Rotating Detonation Engines Could Propel Hypersonic Flight

Reported by WIRED:

Yesterday, Vladimir Putin presented his country with a belated Christmas present: the Avangard hypersonic missile. According to Russian media, it’s capable of reaching Mach 20. And if its ability to conduct evasive maneuvers at high velocity is as good as the Russian president boasted back in March, it would render missile defense systems effectively useless.

Cold War recidivists aren’t the only ones hoping hypersonic technology will deliver a futuristic throwback. Last month marked the 15-year anniversary of the Concorde’s final flight, but right now, a handful of aerospace outfits are working to leapfrog supersonic travel and launch straight into the Mach 5 world of hypersonic propulsion.

‘Hypersonic’ isn’t just buzzy reboot jargon for ‘supersonic.’ It’s a word scientists and engineers use to generally describe air travel between Mach 5 and Mach 10 (that’s 3,836 and 7,673 mph for you sticklers). Aircraft travelling faster than the speed of sound need all sorts of heat shielding and aerodynamic redesigns. But really, all that stuff is secondary to propulsion—without speed, there is no need. Standard jet engines won’t cut it. The rotating detonation engine, though, just might.

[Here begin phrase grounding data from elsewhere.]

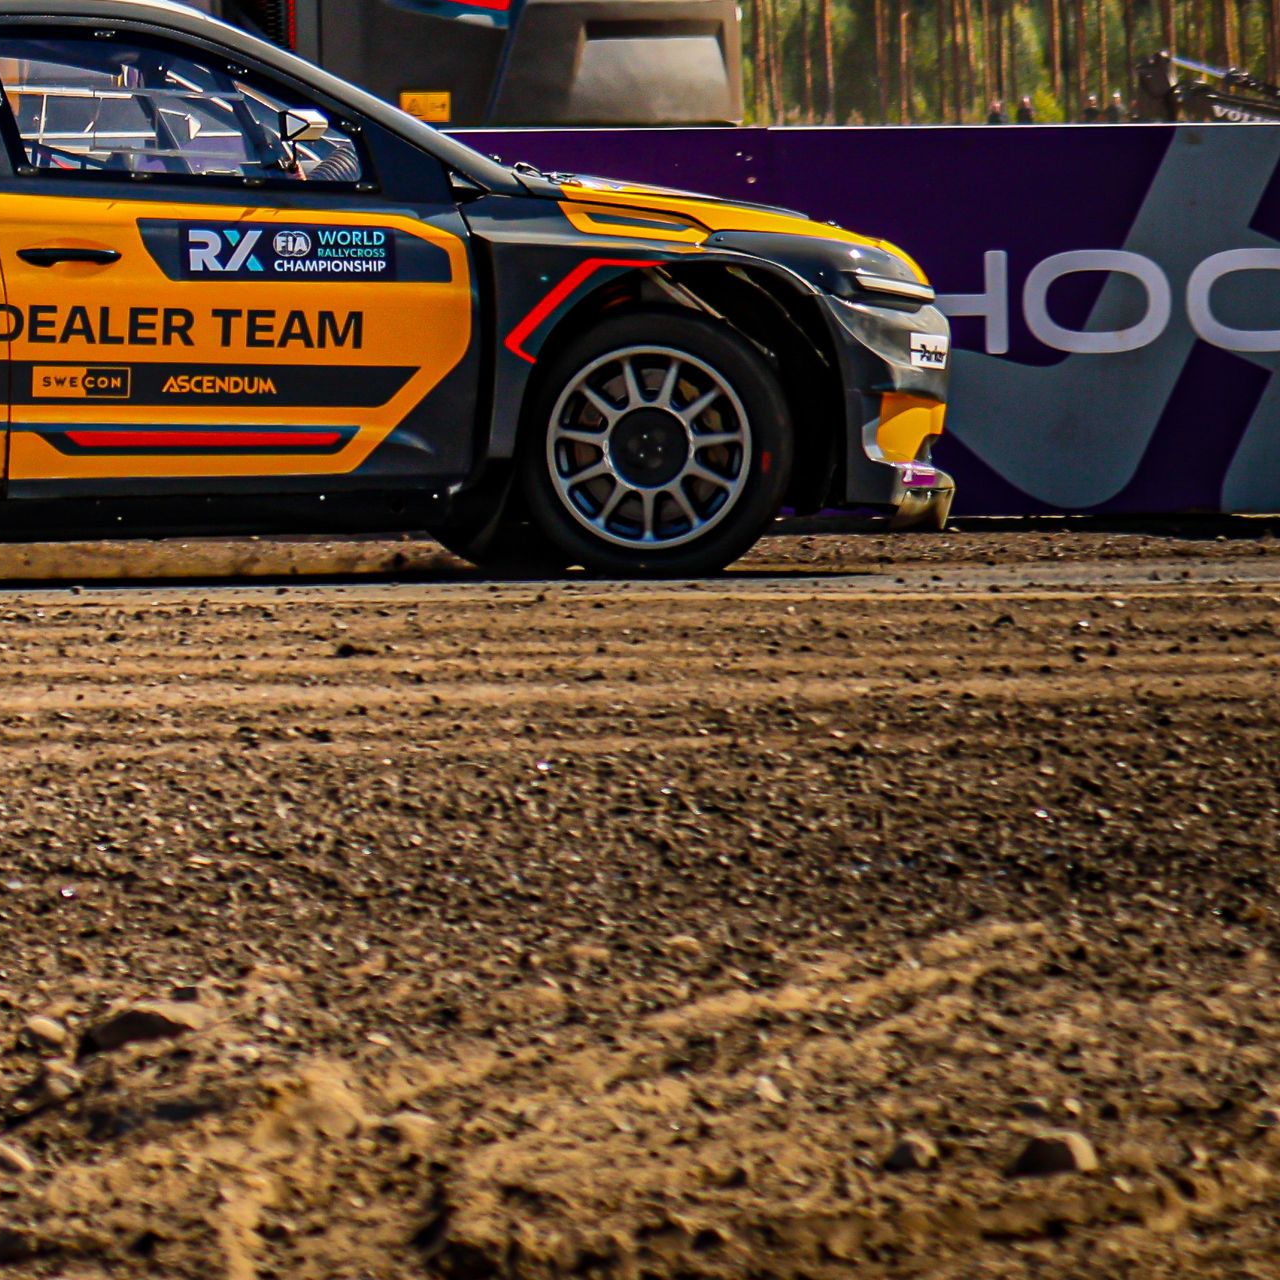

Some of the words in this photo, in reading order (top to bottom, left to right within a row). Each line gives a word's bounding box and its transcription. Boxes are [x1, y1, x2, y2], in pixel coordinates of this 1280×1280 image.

[188, 229, 265, 271] RX
[275, 234, 309, 254] FIA
[317, 231, 385, 246] WORLD
[317, 248, 386, 258] RALLYCROSS
[273, 260, 387, 272] CHAMPIONSHIP
[212, 308, 364, 349] TEAM
[162, 374, 277, 394] ASCENDUM
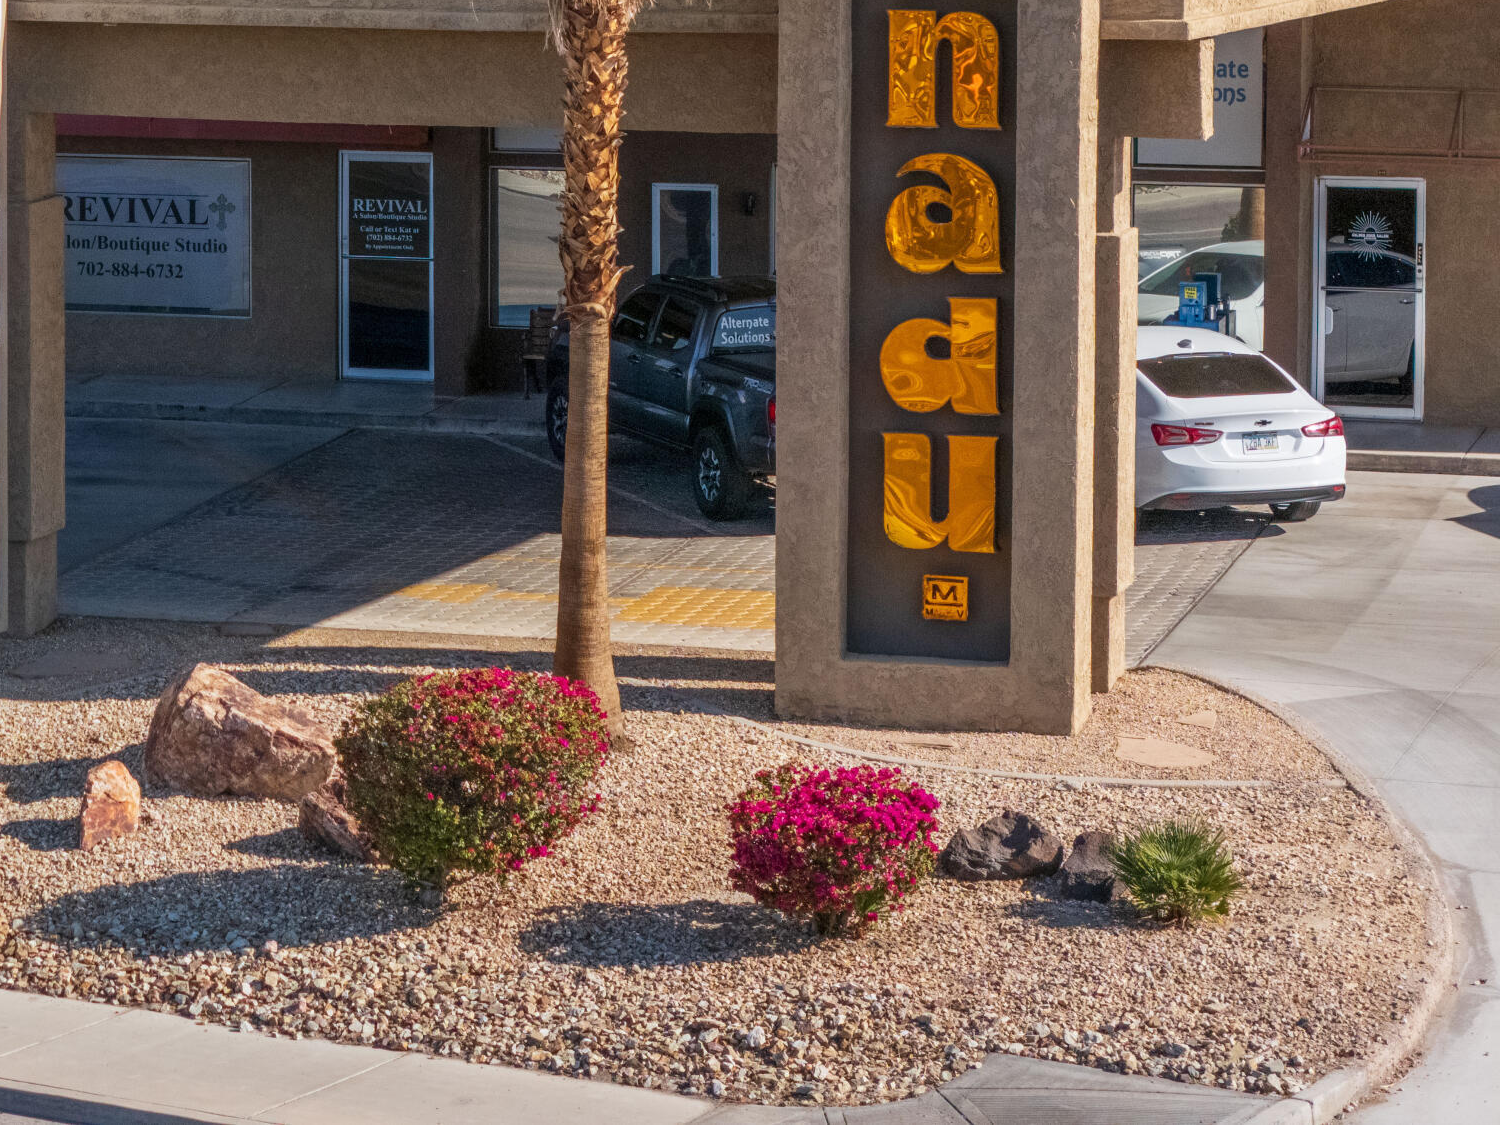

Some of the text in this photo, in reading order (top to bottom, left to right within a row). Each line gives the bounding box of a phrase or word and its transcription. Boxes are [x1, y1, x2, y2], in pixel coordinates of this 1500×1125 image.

Turbofan engines are great for most commercial travel, because they can get a plane going up to around 600 mph while burning fuel really efficiently. North of that, they burn through fuel like a Powerball winner with 50 second cousins. Also, they don’t have the muscle to take an aircraft too far past Mach 1. The Concorde got around that latter problem by using turbofans to get up to sub-Mach speed, then kicking in a set of turbojet afterburners for the rest of the way through the sound barrier, settling into cruising speed at just above Mach 2. But the Concorde was an expensive aircraft to fly, and modern airlines are all about value.

The rotating detonation engine, though, might someday offer both high velocity and decent fuel economy. The engine’s awesome name pretty much describes how the thing works. The engine’s detonation chamber is essentially a thin, hollow cylinder (actually, it’s the thin, hollow space between two concentric cylinders, if you want to get specific). The engine sets off a detonation using the usual means—fuel, oxygen, pressure, heat—which sends a shockwave chasing itself through the cylindrical loop. Imagine a movie scene where the heroes are running away from an explosion then get knocked forward by the shockwave. A rotating detonation engine traps that shockwave in an endless loop, using it to repeatedly jumpstart new detonations.

If you’re wondering how a shockwave detonates something, consider how explosions happen: Pressure. Heat is important, but it’s really just a side-effect of molecules being forced close to one another. Force enough of the right kind of molecules close together and they react. Here, the shockwave slams into oxygen molecules and fuel molecules with so much force that they compress, excite, and detonate. Each subsequent detonation keeps the shockwave going, and the engine keeps those detonations coming by feeding the chamber carefully timed injections of fuel and oxygen.

“What this allows the engine to do is burn fuel at a much higher rate compared to conventional combustion engines,” says Narendra Joshi, the chief engineer of propulsion technologies at GE Research. This higher burn rate creates more thrust, which is how these engines will (theoretically, one day) push aircraft into hypersonic speeds.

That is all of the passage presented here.